## WHAT TO DO
For each entry, repeat the text exactly and omit any picture it holds.

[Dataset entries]
┄┄┄┄┄┄┄┄┄┄
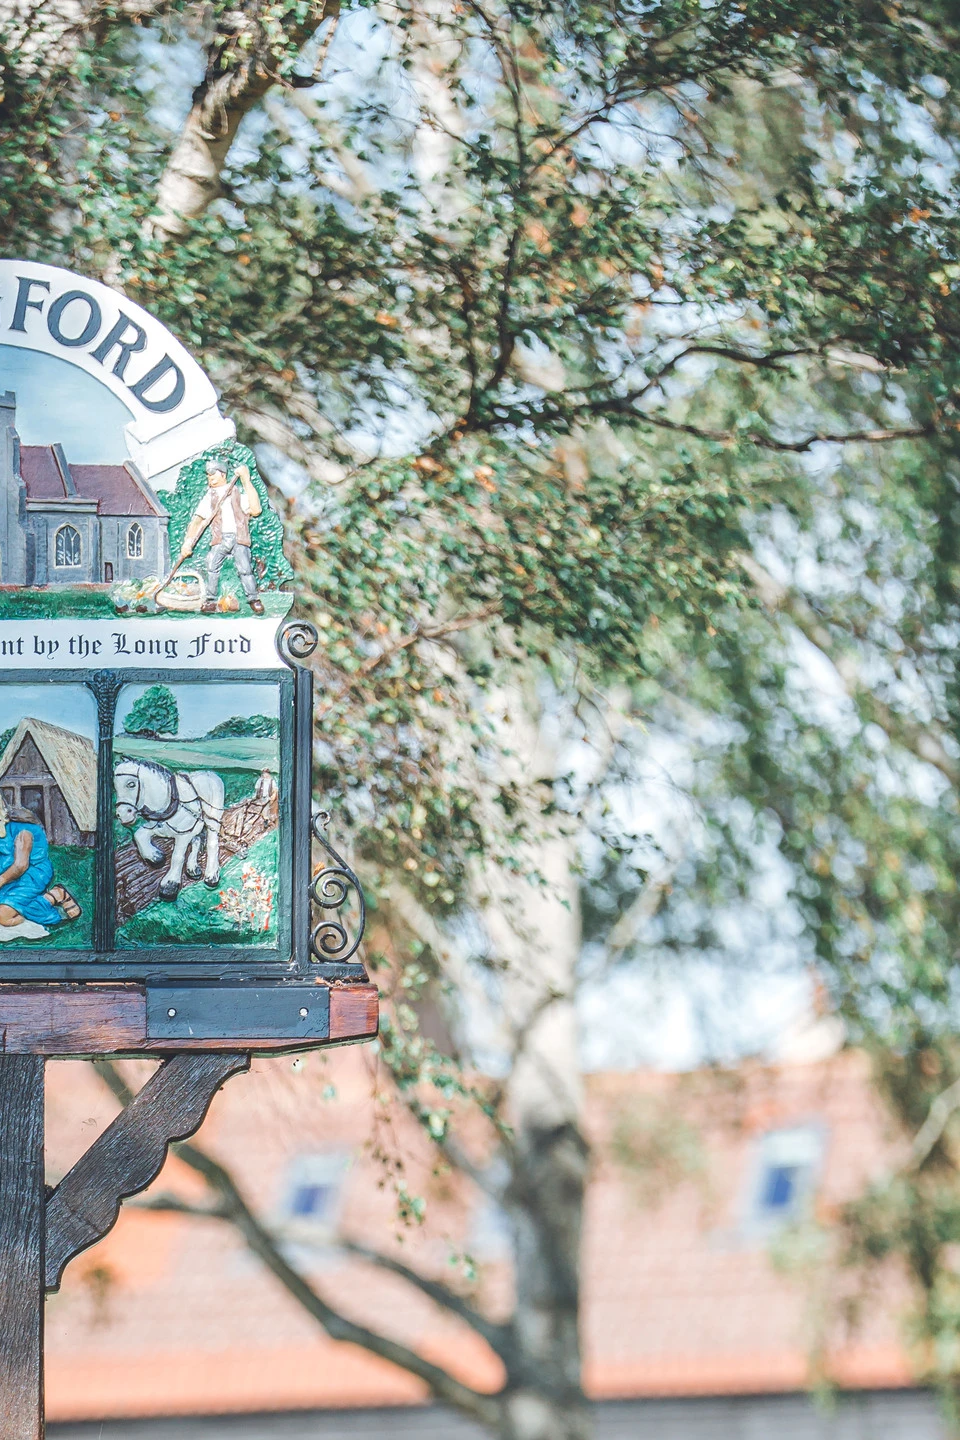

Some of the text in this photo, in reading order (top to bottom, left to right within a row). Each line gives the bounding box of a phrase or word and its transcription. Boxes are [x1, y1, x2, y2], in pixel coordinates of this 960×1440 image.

[33, 634, 60, 660] by
[68, 633, 102, 660] the
[111, 632, 178, 659] Long
[187, 632, 252, 658] Ford
┄┄┄┄┄┄┄┄┄┄
## FINISHED EXERCISE
Some of the text in this photo, in reading order (top to bottom, left to right within a row). Each line gives the bounding box of a phrase or word and its transcription. Boxes are [x1, y1, x2, y2], in pixel coordinates of this 960×1440 image.

[33, 634, 60, 660] by
[68, 633, 102, 660] the
[111, 632, 178, 659] Long
[187, 632, 252, 658] Ford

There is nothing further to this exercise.